— EXERCISE DESCRIPTION —
Nothing but the records, copied exactly and stripped of pictures, should be in the answer.

(Beginning of DATA RECORDS)

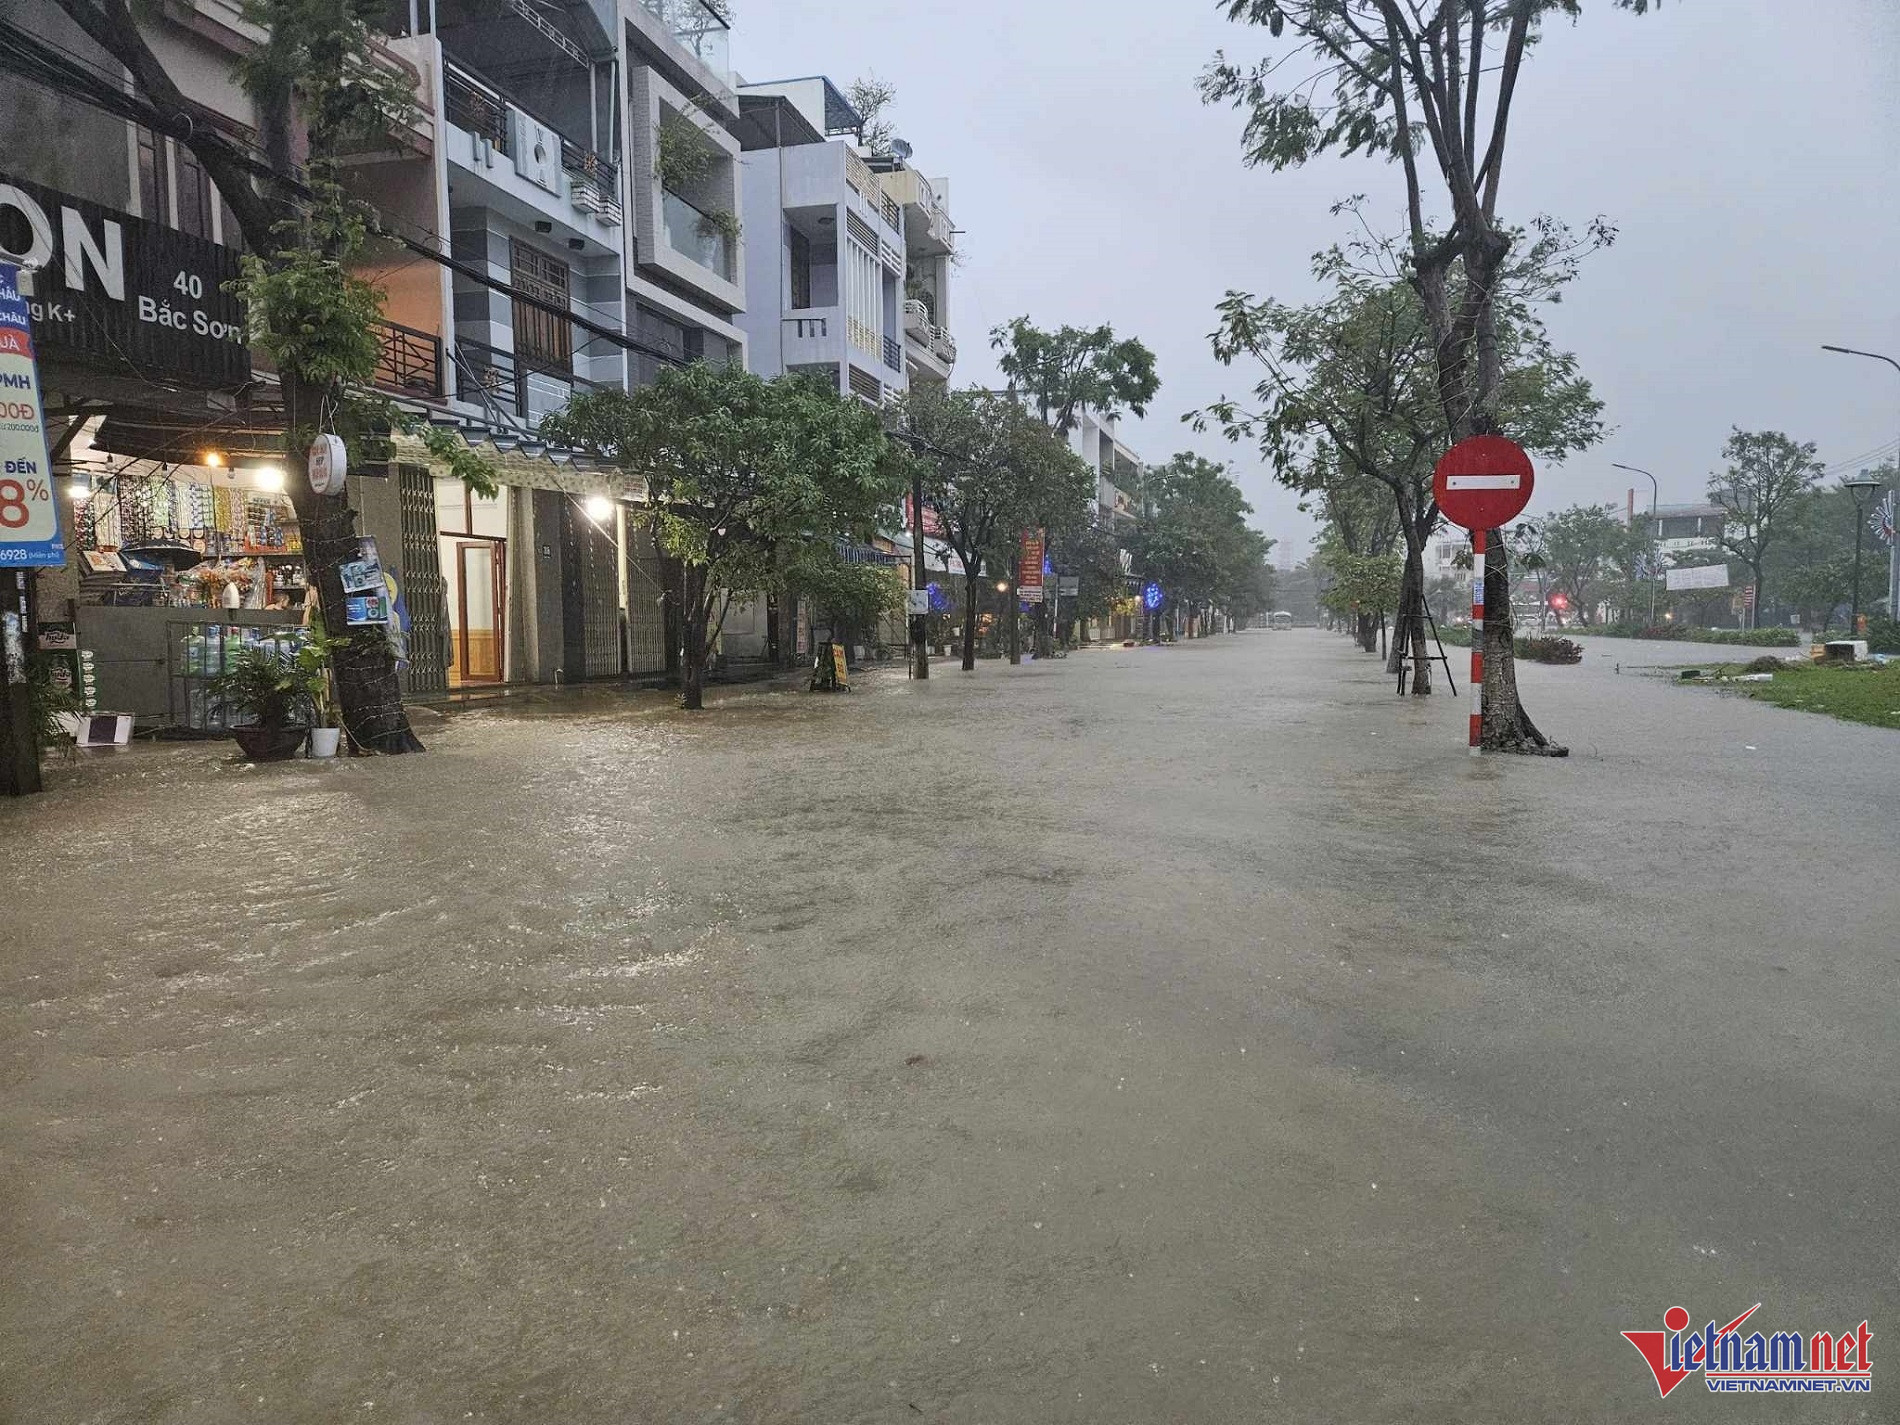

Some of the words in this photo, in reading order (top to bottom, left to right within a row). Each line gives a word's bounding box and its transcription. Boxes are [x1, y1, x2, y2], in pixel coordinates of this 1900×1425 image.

[173, 271, 202, 299] 40
[49, 302, 76, 322] K+
[139, 295, 187, 330] Bắc
[193, 310, 241, 344] Sơn
[5, 457, 37, 475] ĐẾN

(End of DATA RECORDS)

— ANSWER TO THE EXERCISE —
Some of the words in this photo, in reading order (top to bottom, left to right within a row). Each line gives a word's bounding box and its transcription. Boxes are [x1, y1, x2, y2], in pixel coordinates of this 1900×1425 image.

[173, 271, 202, 299] 40
[49, 302, 76, 322] K+
[139, 295, 187, 330] Bắc
[193, 310, 241, 344] Sơn
[5, 457, 37, 475] ĐẾN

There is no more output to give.